Policy reformulation of geospatial information services through a territorial approach
Abstract
This study evaluates the implementation of Indonesia’s Thematic Geospatial Information (TGI) service policy under Ministerial Regulation ATR/BPN No. 1/2023 (Arts. 39–40). It diagnoses operational gaps—unclear management mechanisms, the absence of formal service-request procedures, overlapping unit mandates, and delivery limited to visualization on the Bhumi geoportal.

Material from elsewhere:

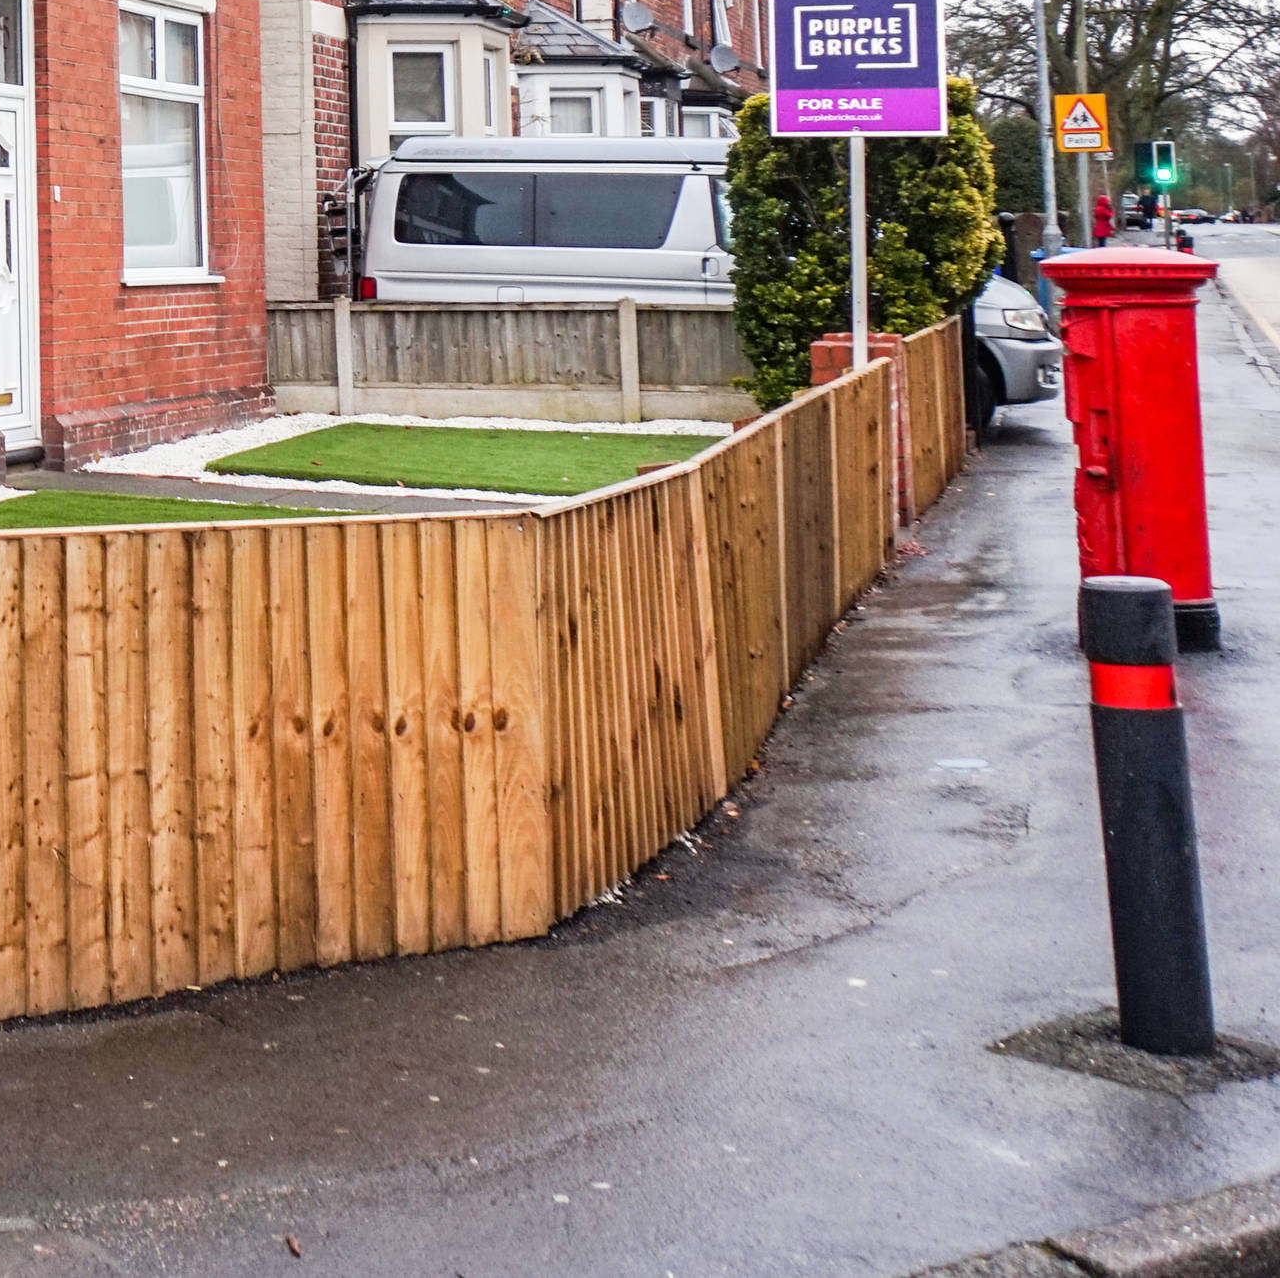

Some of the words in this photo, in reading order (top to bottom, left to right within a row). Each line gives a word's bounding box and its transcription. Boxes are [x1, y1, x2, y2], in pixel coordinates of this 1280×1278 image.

[808, 17, 903, 36] PURPLE
[808, 37, 903, 56] BRICKS
[797, 98, 834, 110] FOR
[837, 97, 883, 110] SALE
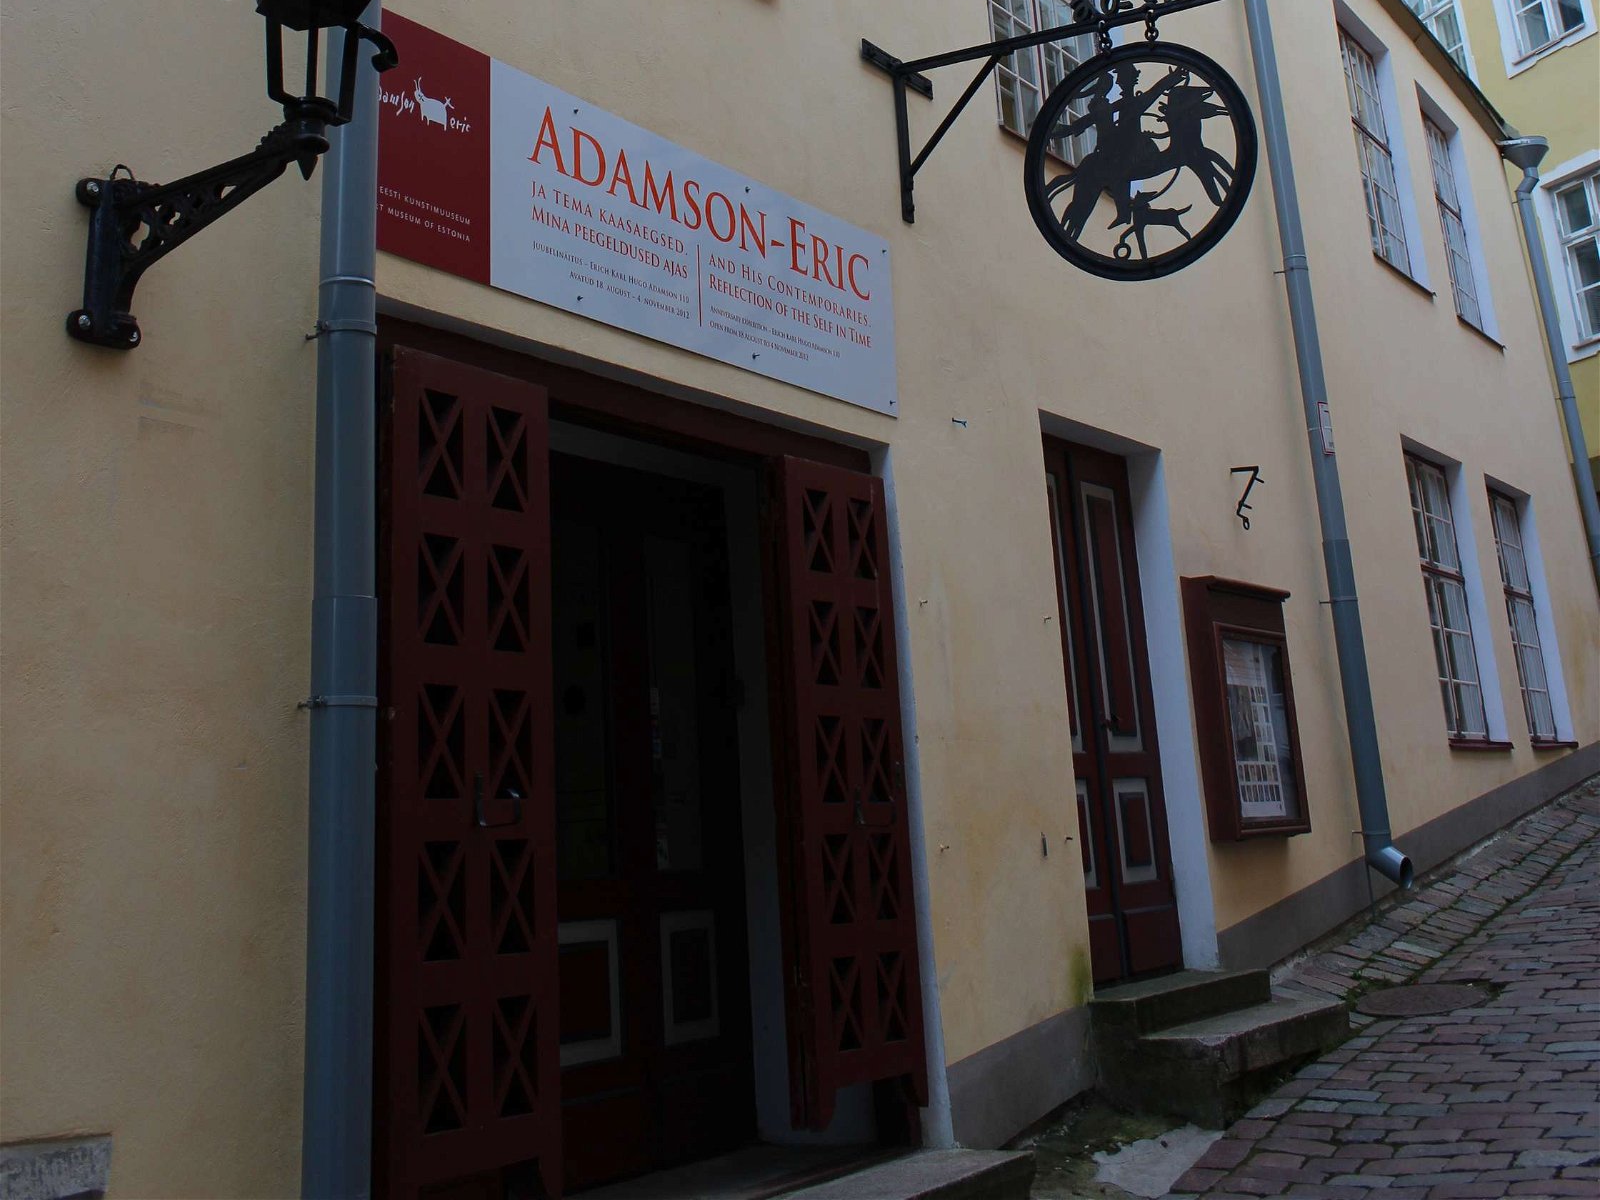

The research pursues three aims: (i) assess TGI service quality and operability; (ii) map stakeholder roles and interrelationships; and (iii) formulate a territorial, region-based model to operationalize publication–interaction–collaboration. A mixed approach integrates SERVQUAL for validated service-quality evaluation, MACTOR for stakeholder analysis, and a policy path–gap analysis, verified through interviews and focus group discussions and complemented by benchmarking. Findings reveal six strategic regulatory issues, a convergence–divergence map of actor interests, and a reformulation model that sharpens procedures, clarifies mandates, and introduces regional typologies to manage service complexity. The study also proposes a non-tax state revenue (PNBP) financing option within a New Public Governance paradigm—co-creation, co-production, and co-delivery. The results imply stronger legal certainty, more effective cross-actor collaborative governance, and enhanced TGI service quality to support land affairs and spatial-planning decision-making.